Atlanta (11-7) were actually favoured to knock off the NFC's top seed, because the Eagles offense has sputtered since starting quarterback Carson Wentz tore his anterior cruciate ligament in a week 14 win over the Los Angeles Rams. However, Atlanta's eighth-ranked offense that averaged nearly 365 yards per game was held to 281 yards by the Eagles on Saturday.
"That's a really good Atlanta team we beat and everybody's excited," Eagles defensive end Fletcher Cox told NBC Sports. "We got a big team win. We'll be ready for next week." With the win, the Eagles (14-3) will host next week's NFC title game against either the New Orleans Saints or the Minnesota Vikings, who play on Sunday.
Despite a shaky start that included running back Jay Ajayi fumbling on his first carry and two poorly thrown passes by Nick Foles, the Eagles settled down and implemented Doug Pederson's superb game plan. Foles, whose struggles over the final two weeks of the regular season were a big reason the Eagles were home underdogs, finished 23 of 30 for 246 yards with completions to eight different players.

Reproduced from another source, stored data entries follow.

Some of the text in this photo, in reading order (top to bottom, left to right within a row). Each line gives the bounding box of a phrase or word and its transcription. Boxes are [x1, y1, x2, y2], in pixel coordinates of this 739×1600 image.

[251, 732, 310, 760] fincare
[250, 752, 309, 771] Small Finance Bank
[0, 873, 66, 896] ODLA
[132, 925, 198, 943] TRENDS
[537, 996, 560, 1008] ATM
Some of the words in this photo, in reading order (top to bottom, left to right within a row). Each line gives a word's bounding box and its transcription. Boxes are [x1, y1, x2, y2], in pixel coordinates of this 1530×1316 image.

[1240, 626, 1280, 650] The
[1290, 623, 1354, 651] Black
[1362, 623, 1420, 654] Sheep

He completed just one pass thrown beyond 15 yards as Pederson used a variety of short throws to build his quarterback's confidence.
From there, the Eagles receivers did a great job of getting yards after the catch. Alshon Jeffery was the top receiver with four catches for 61 yards while rookie running back Corey Clement led the team with five receptions for 31 yards. Ajayi, who ran for 54 yards, caught three passes for 44 yards. Foles did get lucky as the Eagles got a field goal to make it a 10-9 Falcons lead before half-time thanks to a fortunate deflection. A Foles pass went off the knee of a leaping Keanu Neal and the ball caromed back to Eagles receiver Torrey Smith.

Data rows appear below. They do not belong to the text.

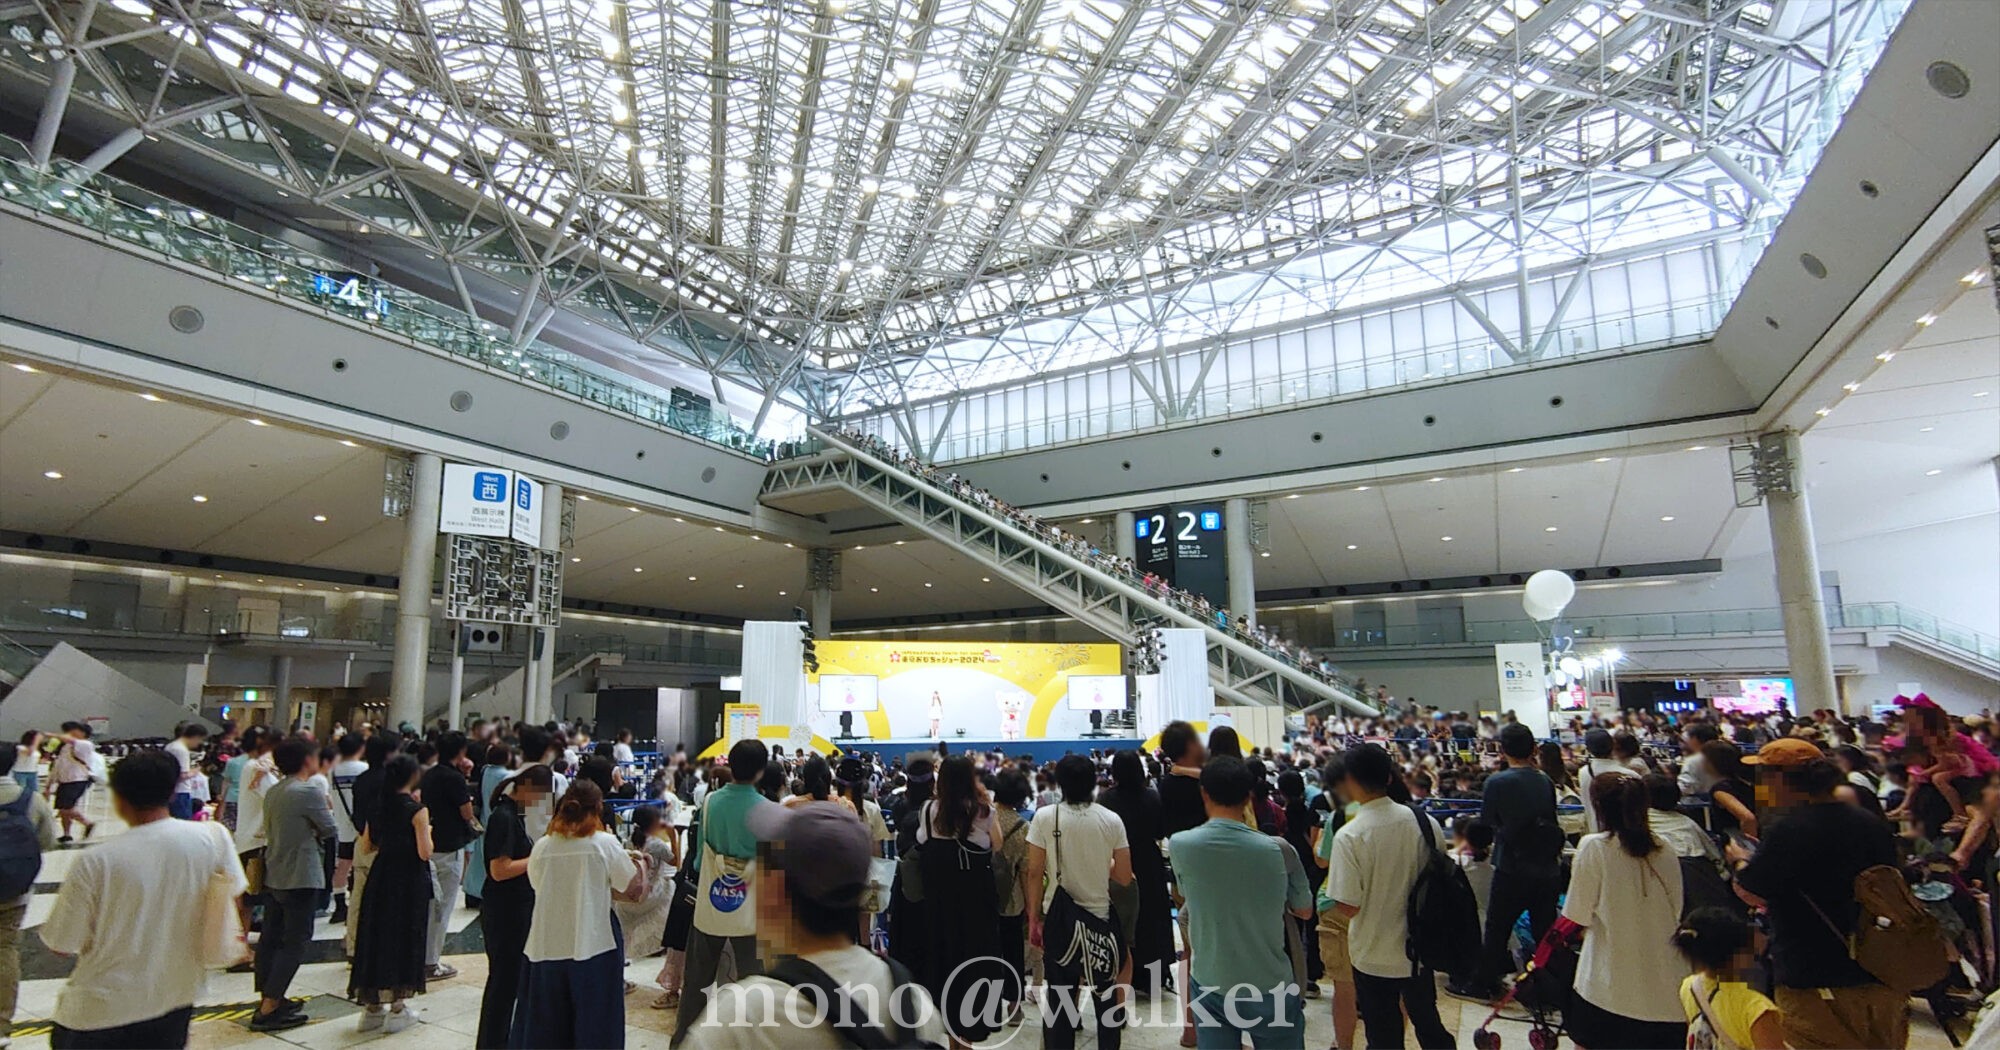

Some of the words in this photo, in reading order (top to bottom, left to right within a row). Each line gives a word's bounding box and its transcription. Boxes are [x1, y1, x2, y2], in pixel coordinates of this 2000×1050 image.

[338, 278, 363, 306] 4
[482, 475, 499, 483] West
[482, 483, 498, 500] 西
[1152, 515, 1166, 545] 2
[1178, 512, 1198, 541] 2
[1563, 636, 1574, 654] 2
[1516, 670, 1533, 679] 3-4
[712, 886, 745, 899] NASA

"We just kept believing in each other. That was it. Our team never wavered," Foles told NBC Sports. "Defense did an amazing job. Special teams. That's been the story this year. We all stuck together and believed we could move the ball."
The Eagles sacked Matt Ryan three times, but even when the Falcons quarterback had time, he was locked in on either Julio Jones or Mohamed Sanu. When the Falcons reached the Super Bowl last season, they did so largely because Ryan did an incredible job of spreading the ball around. He failed to find his second read on Saturday as 21 of his 36 pass attempts were to either Jones or Sanu. Jones finished with nine catches for 101 yards on 16 targets while Sanu had three receptions for 50 yards on five targets.
Ryan's final pass, on a fourth-and-goal from the two, was incomplete as he tried to force it to Jones in the corner of the end zone.
Taylor Gabriel, who had two catches for four yards, was the only other Falcons receiver with more than one target. Ryan's best pass may have been an improvisational throw as the Falcons capitalised on an Eagles turnover to take a 10-6 lead in the second quarter.
A muffed punt, which bounced off the feet of at least two Eagles players, led to a Falcons touchdown. Ryan did his best Brett Favre impression to spin away from pressure before lobbing a short pass to a crossing Devonta Freeman for a six-yard score. Ryan was the 2016 NFL MVP because he made plays like that, but he was not nearly as productive in 2017 and was hamstrung by play calling and the Eagles defence on Saturday.
While Foles did not turn the ball over on Saturday, he also did not throw a touchdown pass and did little to instil much confidence in Philadelphia's offence. The Eagles' defence is among the league's best, but the Vikings have the NFL's top defence and the Saints defence ranks third with 20 interceptions.
Whether it is the Vikings or the Saints, the Eagles defence might be on the field too much and the game could get away from Philadelphia despite the benefit of home-field advantage.